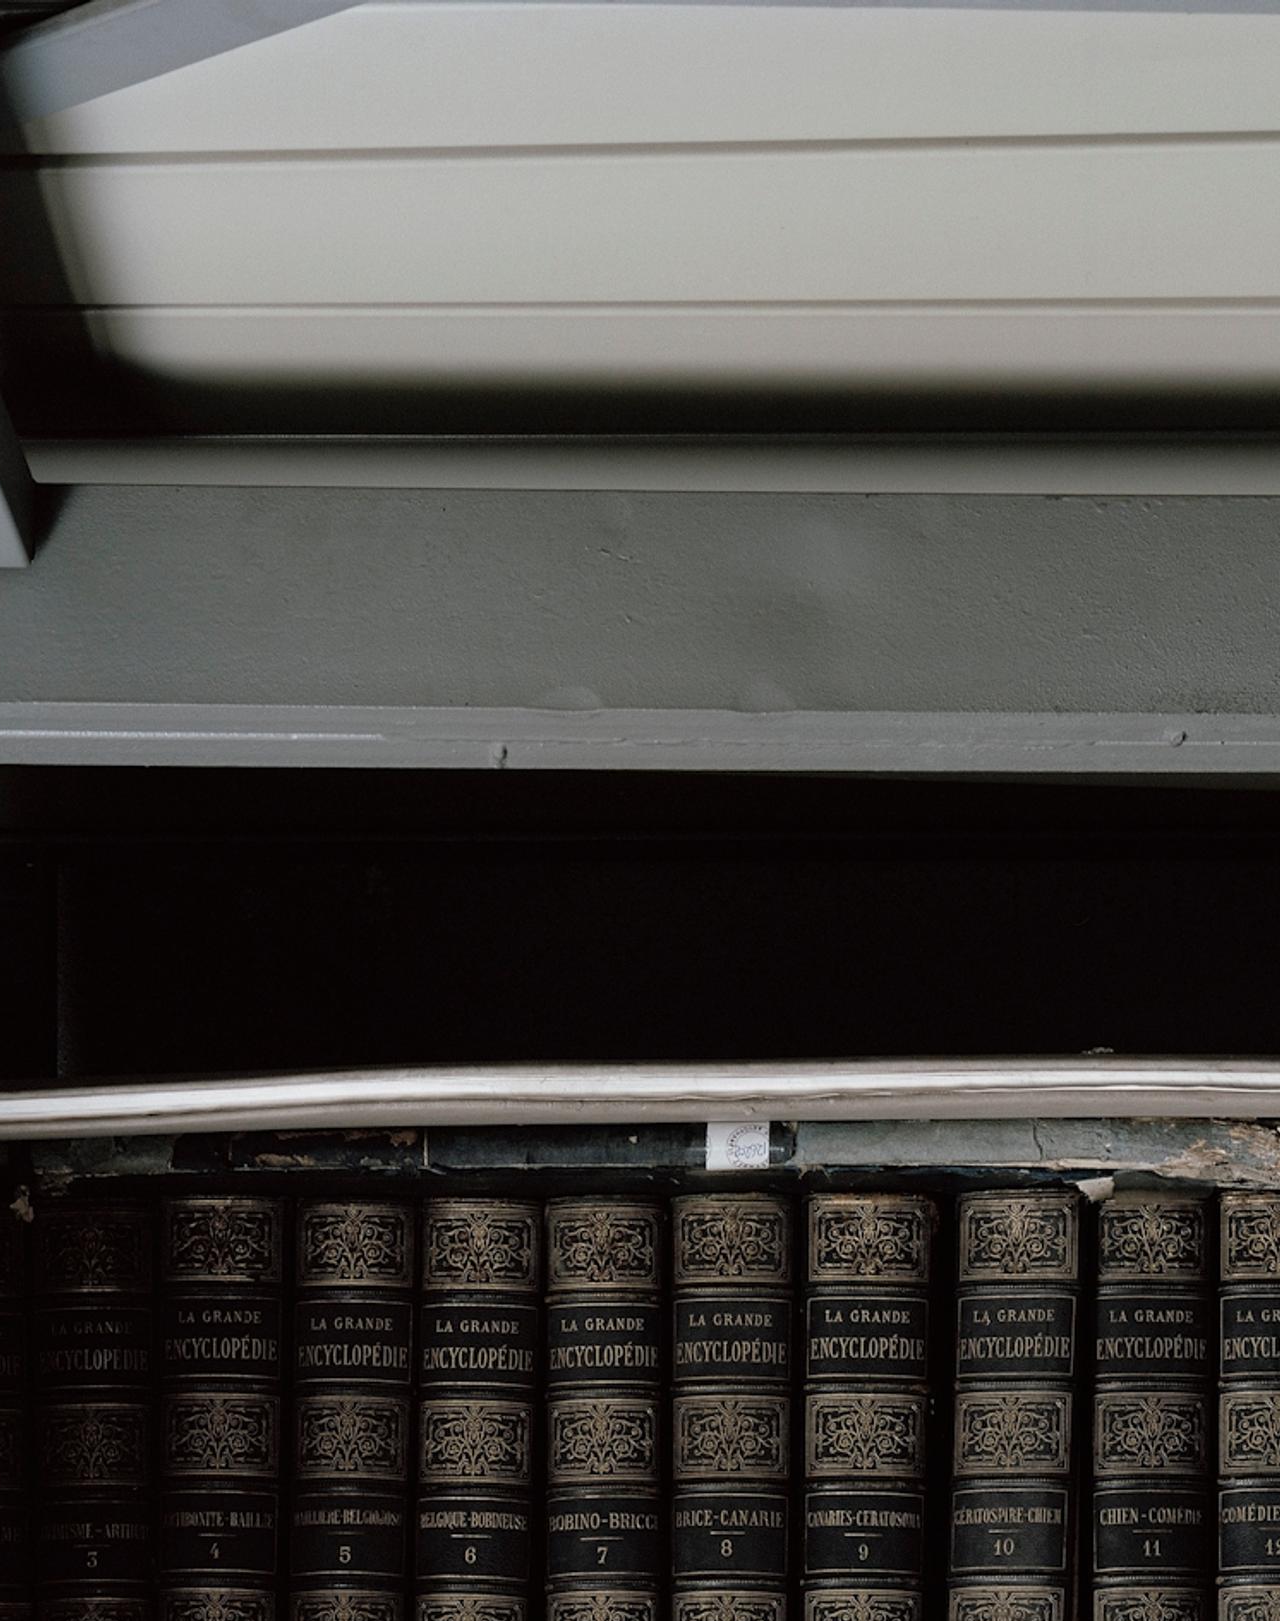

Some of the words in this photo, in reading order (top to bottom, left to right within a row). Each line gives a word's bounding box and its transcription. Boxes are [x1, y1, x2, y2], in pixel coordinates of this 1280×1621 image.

[178, 1311, 196, 1325] LA
[201, 1309, 263, 1325] GRANDE
[310, 1317, 327, 1331] LA
[334, 1316, 394, 1331] GRANDE
[560, 1318, 579, 1332] LA
[584, 1317, 645, 1331] GRANDE
[688, 1314, 707, 1328] LA
[713, 1312, 773, 1328] GRANDE
[824, 1308, 843, 1323] LA
[849, 1308, 911, 1325] GRANDE
[973, 1310, 990, 1325] LA
[997, 1308, 1056, 1324] GRANDE
[1109, 1310, 1128, 1324] LA
[1133, 1309, 1195, 1325] GRANDE
[1235, 1309, 1255, 1323] LA
[51, 1321, 67, 1336] LA
[73, 1320, 136, 1335] GRANDE
[435, 1319, 454, 1334] LA
[459, 1319, 521, 1335] GRANDE
[165, 1333, 278, 1361] ENCYCLOPÉDIE
[298, 1341, 408, 1368] ENCYCLOPÉDIE
[549, 1340, 659, 1369] ENCYCLOPÉDIE
[676, 1338, 788, 1365] ENCYCLOPÉDIE
[810, 1333, 925, 1361] ENCYCLOPÉDIE
[959, 1332, 1071, 1360] ENCYCLOPÉDIE
[1095, 1333, 1208, 1361] ENCYCLOPÉDIE
[423, 1344, 534, 1372] ENCYCLOPÉDIE
[675, 1509, 785, 1529] BRICE-CANARIE
[208, 1542, 221, 1560] 4
[338, 1545, 352, 1564] 5
[464, 1546, 477, 1564] 6
[596, 1546, 609, 1565] 7
[720, 1538, 733, 1558] 8
[857, 1543, 869, 1561] 9
[993, 1538, 1015, 1556] 10
[1141, 1538, 1162, 1558] 11
[86, 1551, 99, 1568] 3
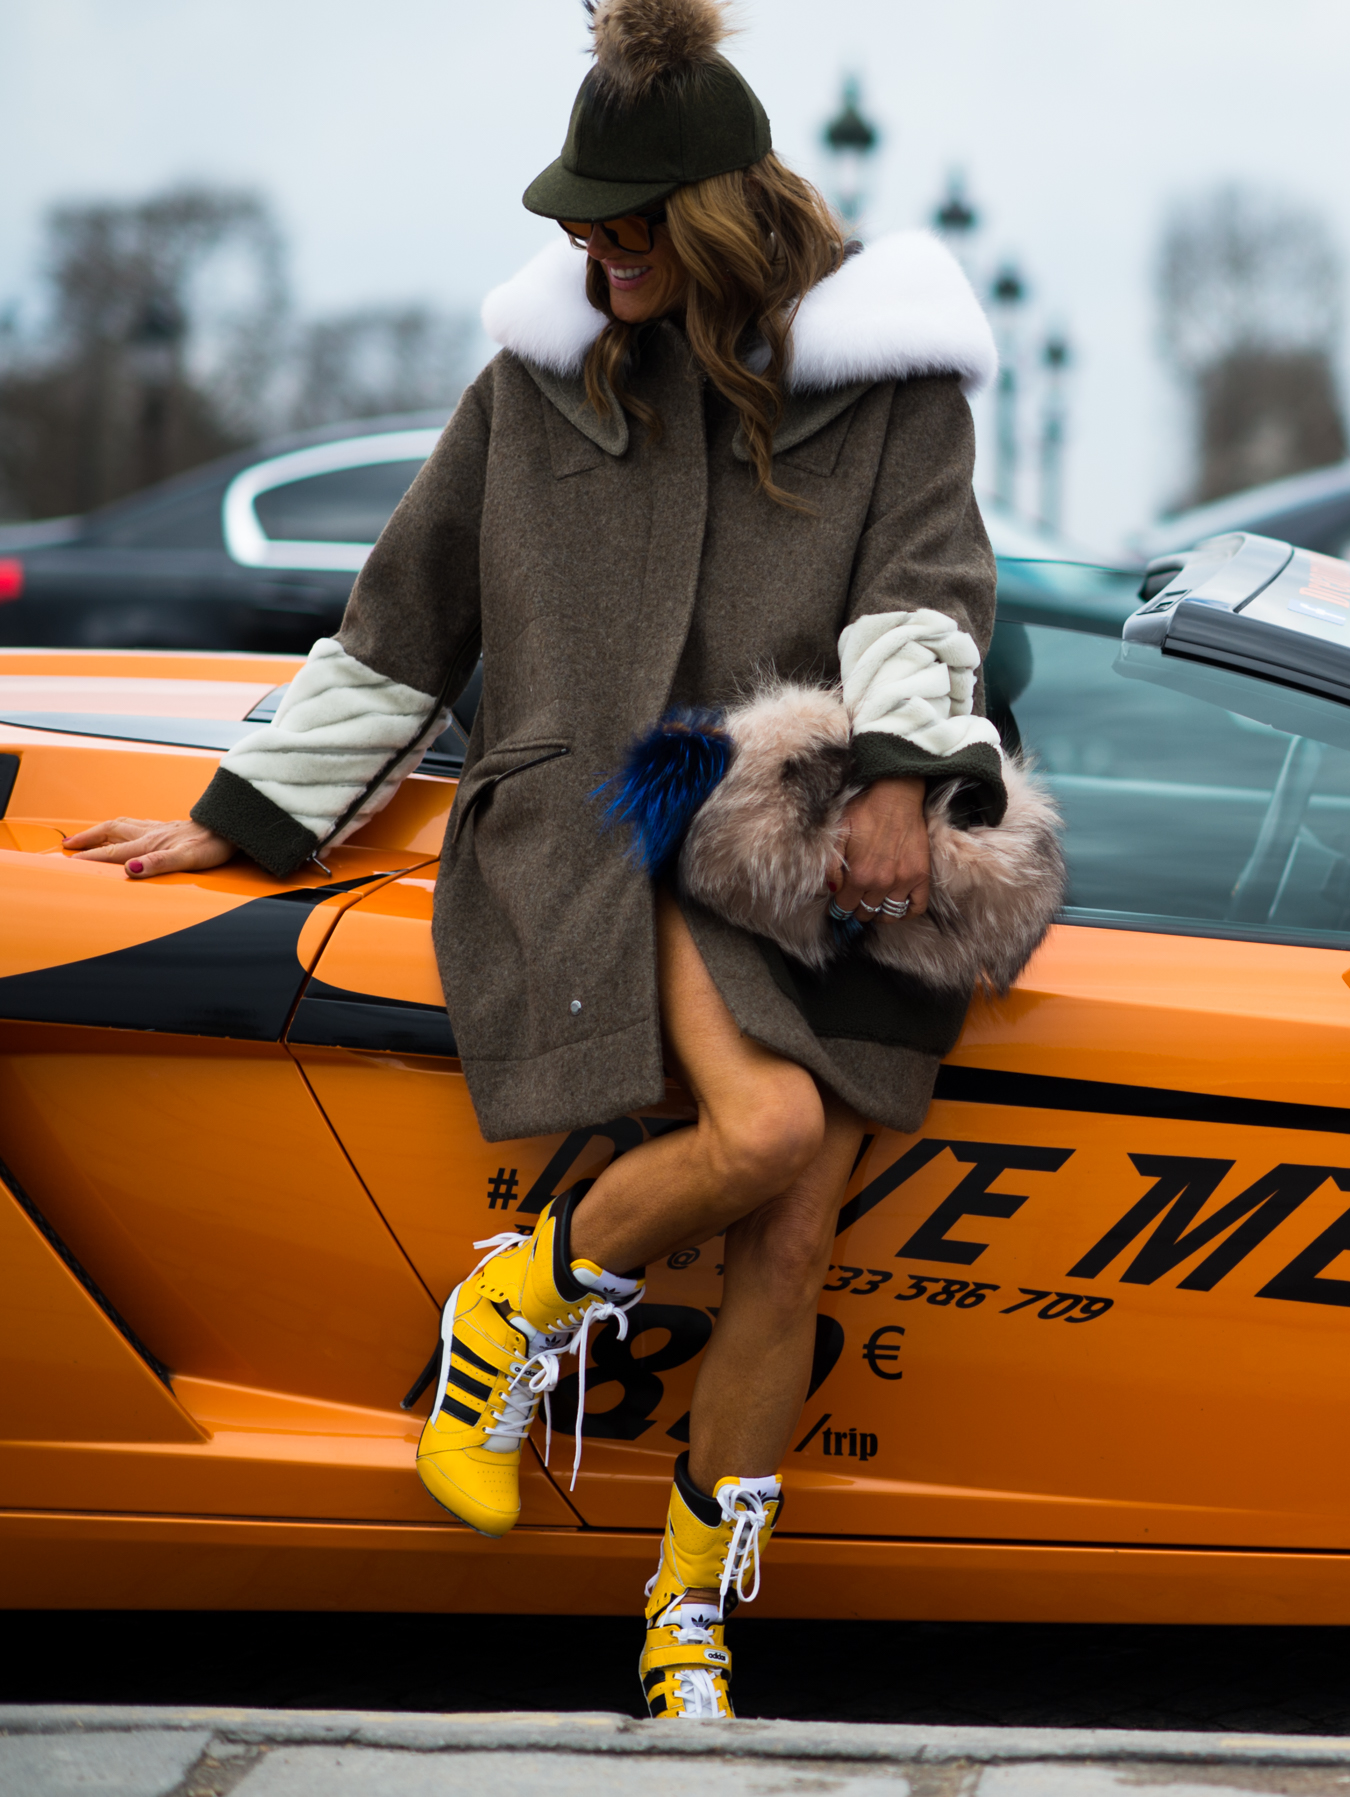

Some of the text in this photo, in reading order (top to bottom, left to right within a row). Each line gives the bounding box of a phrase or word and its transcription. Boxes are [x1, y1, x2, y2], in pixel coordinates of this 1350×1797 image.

**TASK GOAL**
A word-for-word copy of the entries is needed, with no pictures in it.

**YOUR SOLUTION**
Some of the words in this photo, in reading order (top to bottom, left to right within a row). Each line gives a word's bounding box and its transcription. Boxes are [x1, y1, x2, y2], in pixel coordinates of this 1280×1621 image.

[178, 1311, 196, 1325] LA
[201, 1309, 263, 1325] GRANDE
[310, 1317, 327, 1331] LA
[334, 1316, 394, 1331] GRANDE
[560, 1318, 579, 1332] LA
[584, 1317, 645, 1331] GRANDE
[688, 1314, 707, 1328] LA
[713, 1312, 773, 1328] GRANDE
[824, 1308, 843, 1323] LA
[849, 1308, 911, 1325] GRANDE
[973, 1310, 990, 1325] LA
[997, 1308, 1056, 1324] GRANDE
[1109, 1310, 1128, 1324] LA
[1133, 1309, 1195, 1325] GRANDE
[1235, 1309, 1255, 1323] LA
[51, 1321, 67, 1336] LA
[73, 1320, 136, 1335] GRANDE
[435, 1319, 454, 1334] LA
[459, 1319, 521, 1335] GRANDE
[165, 1333, 278, 1361] ENCYCLOPÉDIE
[298, 1341, 408, 1368] ENCYCLOPÉDIE
[549, 1340, 659, 1369] ENCYCLOPÉDIE
[676, 1338, 788, 1365] ENCYCLOPÉDIE
[810, 1333, 925, 1361] ENCYCLOPÉDIE
[959, 1332, 1071, 1360] ENCYCLOPÉDIE
[1095, 1333, 1208, 1361] ENCYCLOPÉDIE
[423, 1344, 534, 1372] ENCYCLOPÉDIE
[675, 1509, 785, 1529] BRICE-CANARIE
[208, 1542, 221, 1560] 4
[338, 1545, 352, 1564] 5
[464, 1546, 477, 1564] 6
[596, 1546, 609, 1565] 7
[720, 1538, 733, 1558] 8
[857, 1543, 869, 1561] 9
[993, 1538, 1015, 1556] 10
[1141, 1538, 1162, 1558] 11
[86, 1551, 99, 1568] 3

Some of the text in this photo, in reading order (top to bottom, left to right within a row). Each line gives the bounding box of a phrase or word and its transcription. Boxes are [x1, y1, x2, y2], in pixel coordinates of this 1350×1797 image.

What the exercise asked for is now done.